Die Trockenbagger zerfallen im allgemeinen in:
1. Eimer-Kettenbagger,
2. Dampfschaufeln.
Die Eimer-Kettenbagger eignen sich nur für Arbeiten in sehr weichem Boden und nur für
Arbeiten unter besonders günstigen Bedingungen. Diese Kettenbagger, die schon seit
längerer Zeit auf dem Kontinent bekannt sind, wurden in letzterer Zeit vielfach
durch die Dampfschaufeln verdrängt, da dieselben den Vorzug haben, in jeder Bodenart
und unter allen Arbeitsbedingungen verwendbar zu sein, während sie, was Leistung
anbetrifft, den Kettenbaggern gleichkommen. Außerdem bietet die Dampfschaufel den
Vorteil als Verlademaschine für Massengüter Verwendung finden zu können.

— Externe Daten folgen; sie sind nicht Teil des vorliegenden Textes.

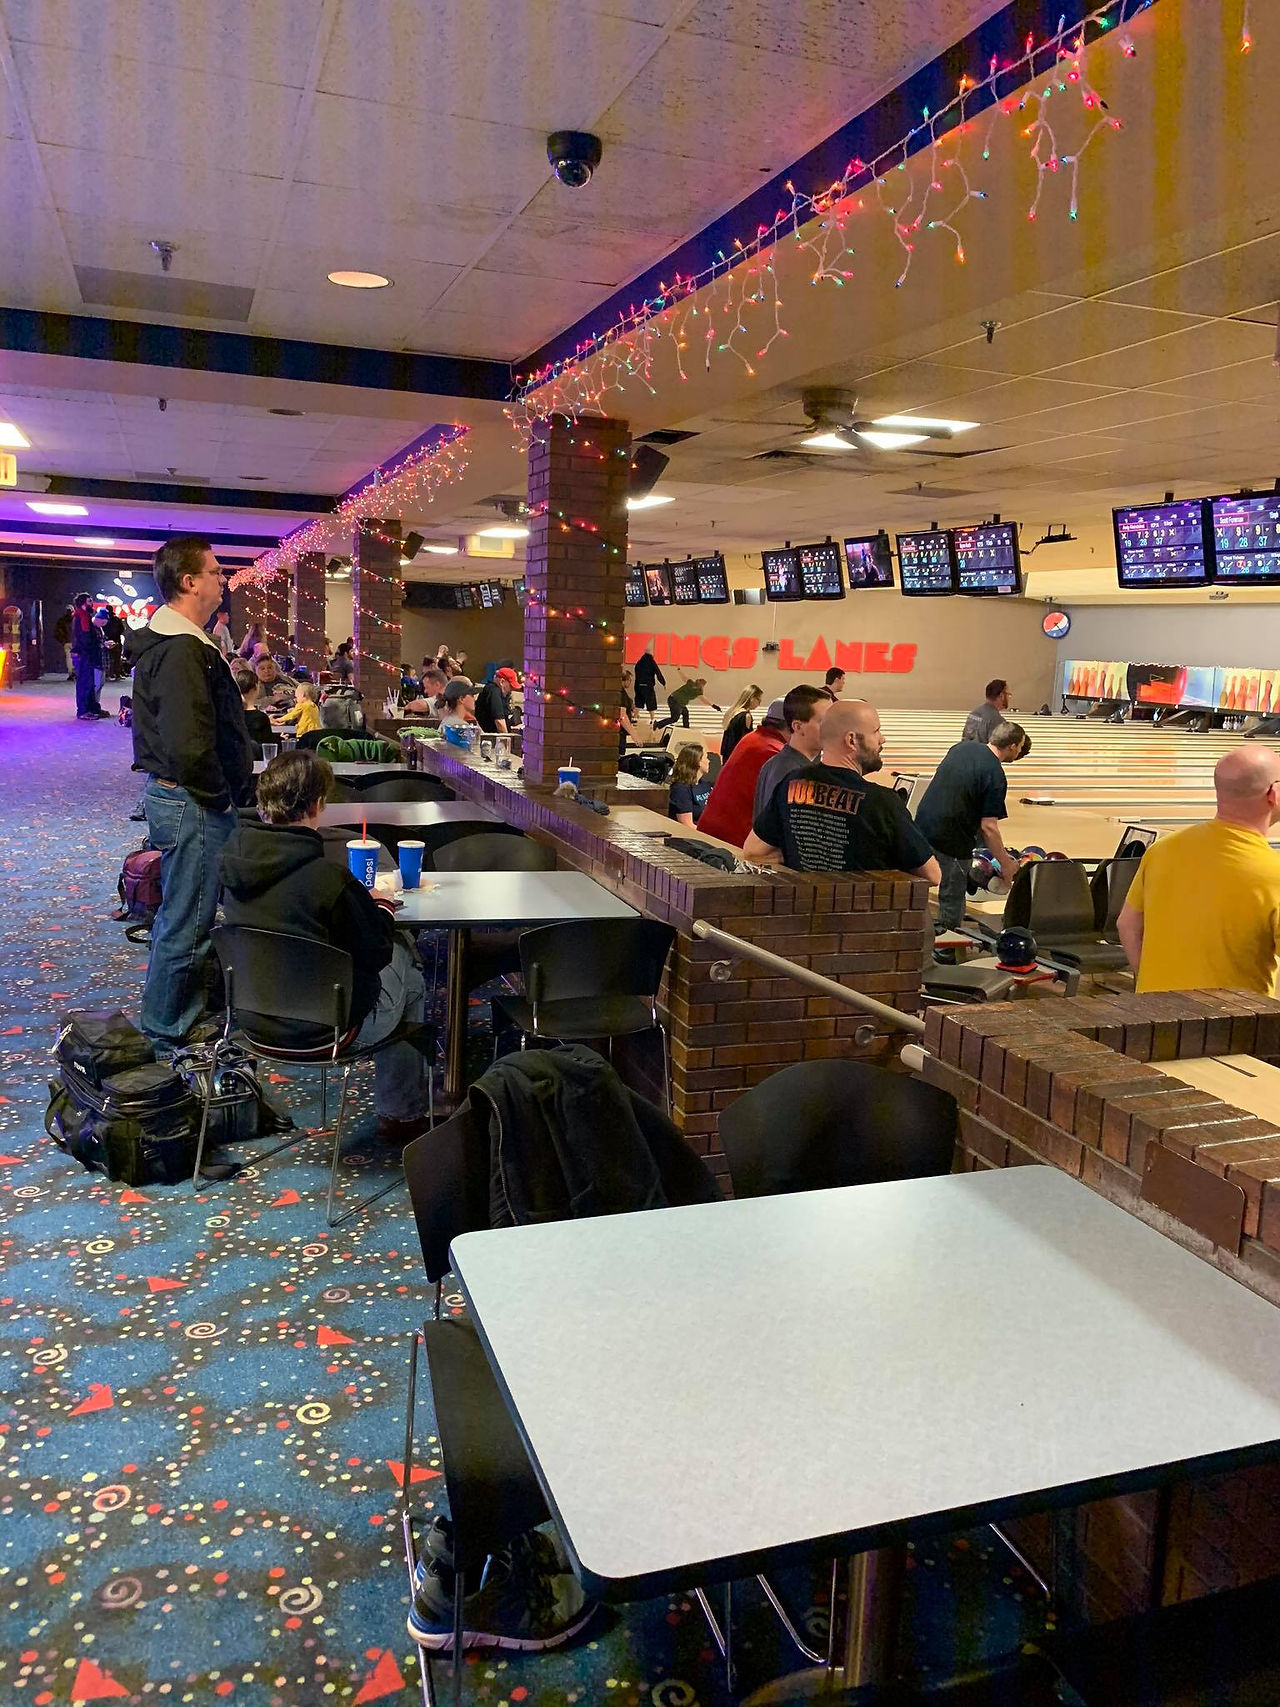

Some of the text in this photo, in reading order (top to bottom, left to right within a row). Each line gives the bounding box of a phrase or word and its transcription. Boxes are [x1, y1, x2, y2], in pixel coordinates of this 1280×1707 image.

[1221, 536, 1267, 548] 19 28 37
[624, 632, 917, 673] KINGS LANES
[365, 858, 374, 887] pepsi
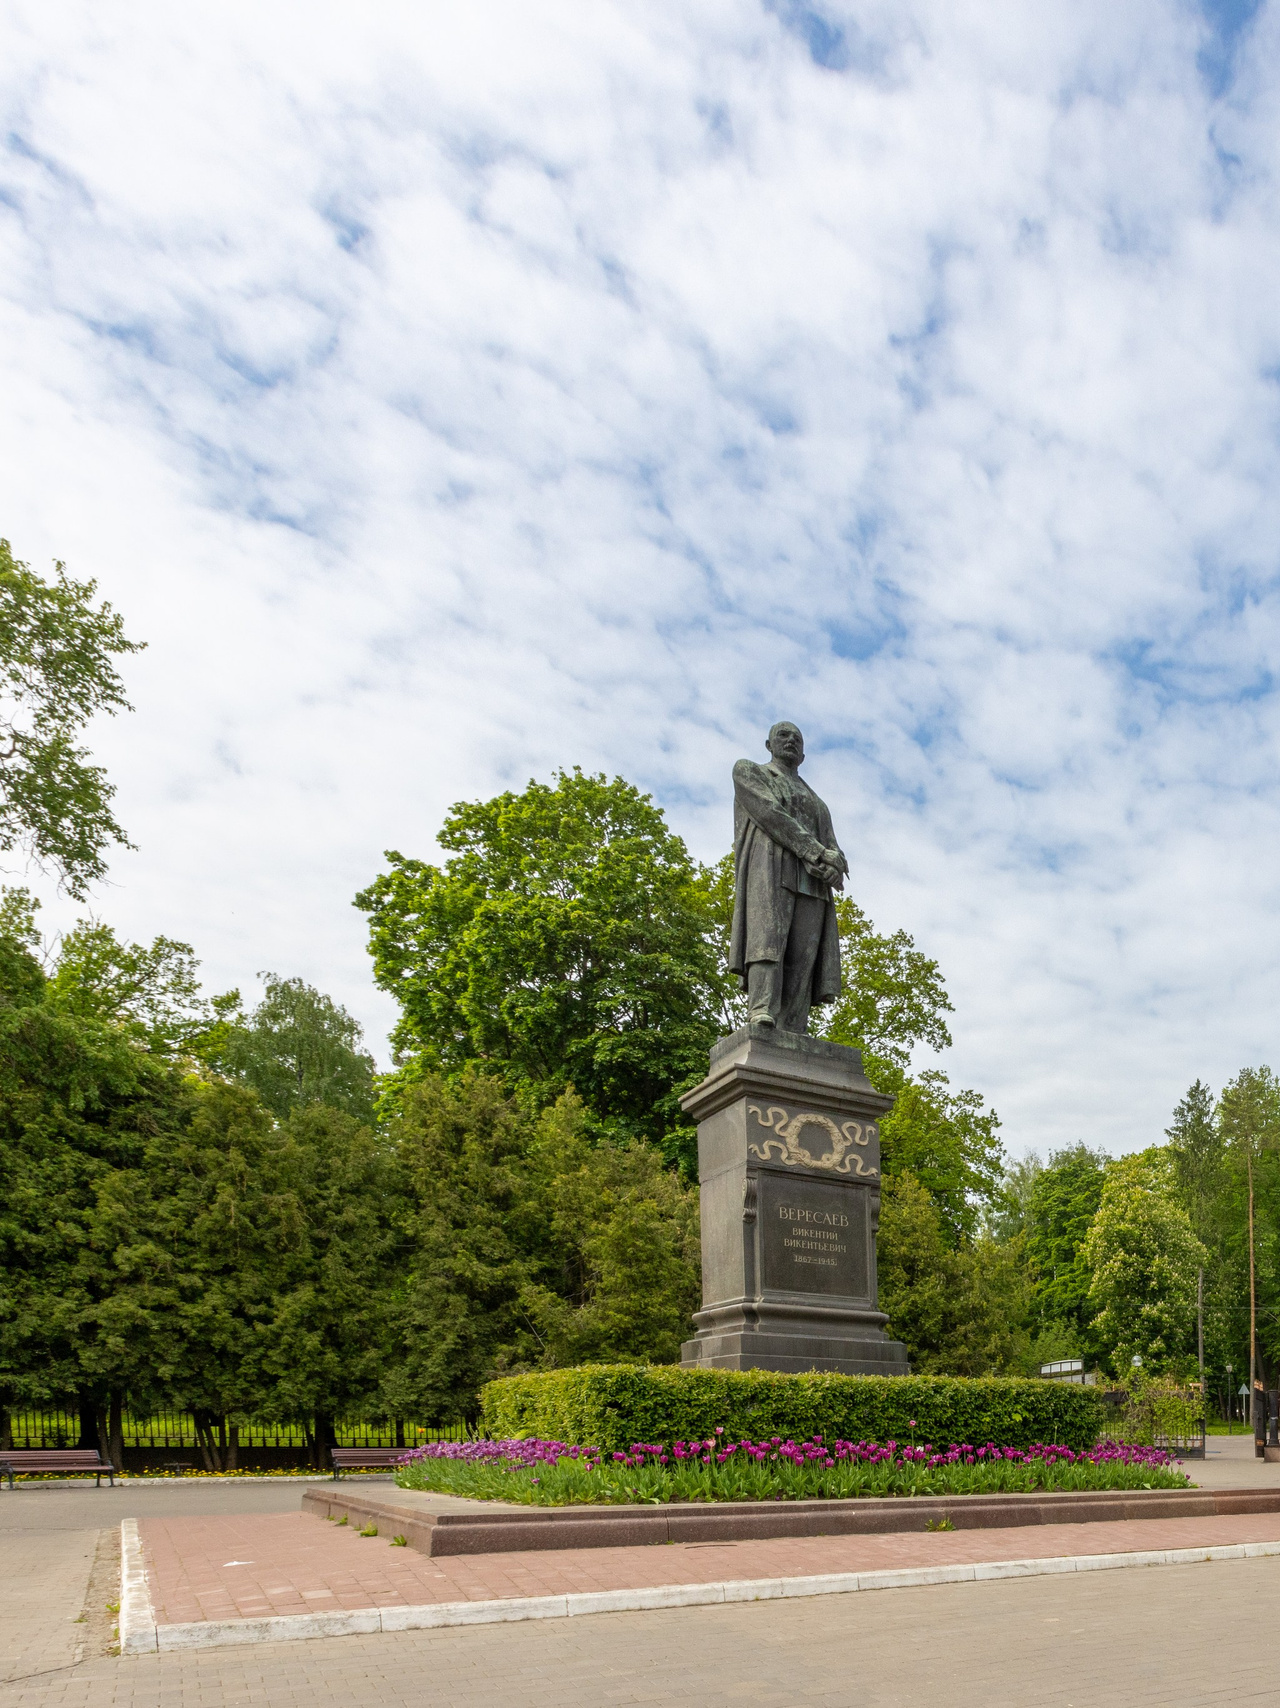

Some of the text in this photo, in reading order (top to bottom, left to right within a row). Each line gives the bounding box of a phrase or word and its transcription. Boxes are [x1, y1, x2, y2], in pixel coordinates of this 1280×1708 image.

[779, 1206, 849, 1227] ВЕРЕСАЕВ
[792, 1227, 838, 1240] ВИКЕНТИЙ
[784, 1238, 847, 1253] ВИКЕНТЬЕВИЧ

Das Mutterland der Dampfschaufeln ist Amerika, dem bald England, das schon frühzeitig
unter hohen Arbeitslöhnen litt, in der Verwendung dieser Apparate folgte, und in
letzter Zeit hat sich der Gebrauch von Dampfschaufeln auch auf dem Kontinente
eingebürgert.
Die Dampfschaufeln werden nach zwei voneinander verschiedenen Systemen gebaut und
zwar:
A. mit feststehender Grundplatte, bei denen der Ausleger eine
Gesamtschwingung von 180° ausführen kann,
B. mit Drehscheibengrundplatte, bei denen der Ausleger
zusammen mit der Grundplatte nach dem System der Drehscheibe sich um 360°
drehen kann.
Beide Systeme haben sich gut bewährt und werden nebeneinander verwendet. Die Wahl des
Systems hängt von den örtlichen Verhältnissen ab, z.B. von der Breite des
Einschnittes, ob derselbe ein Aufstellen der zu füllenden Waggons neben oder nur
hinter dem Excavator gestattet. Aus konstruktiven Gründen mußte man bei den
amerikanischen Riesenmodellen das Drehscheibensystem aufgeben.
Beiliegende Skizze illustriert die verschiedenen Arbeitsweisen der Dampfschaufeln und
empfiehlt es sich, wo angängig das in Fig. 1 dargestellte
Schema zu wählen. Bei demselben sind zwei Transportgeleise für die Waggons
vorgesehen, die in geeigneter Entfernung von dem Hauptgleise abzweigen. Auf dem
Hauptgleise stehen die leeren Wagen und werden dieselben durch Pferde an die
Maschine herangebracht und nach Füllung an die bereits vorhergefüllten Waggons zur
Formierung eines Zuges rangiert.
Bei dieser Anordnung wird keine Zeit durch Warten auf Waggons verloren; da außerdem
der Ausleger jeweilig nur um 90° zu schwingen hat, so wird bei diesem System die
größtmöglichste Leistung erzielt und ist dasselbe, wenn irgend möglich,
anzuwenden.
Ist nur ein Seitenabschnitt auszuführen, so empfiehlt sich die in Fig. 2 dargestellte
Anordnung, wobei der ganze Zug auf einem Gleise aufgestellt und nach Füllung eines
Waggons soweit vorgerückt wird, daß der nächste Waggon gefüllt werden kann.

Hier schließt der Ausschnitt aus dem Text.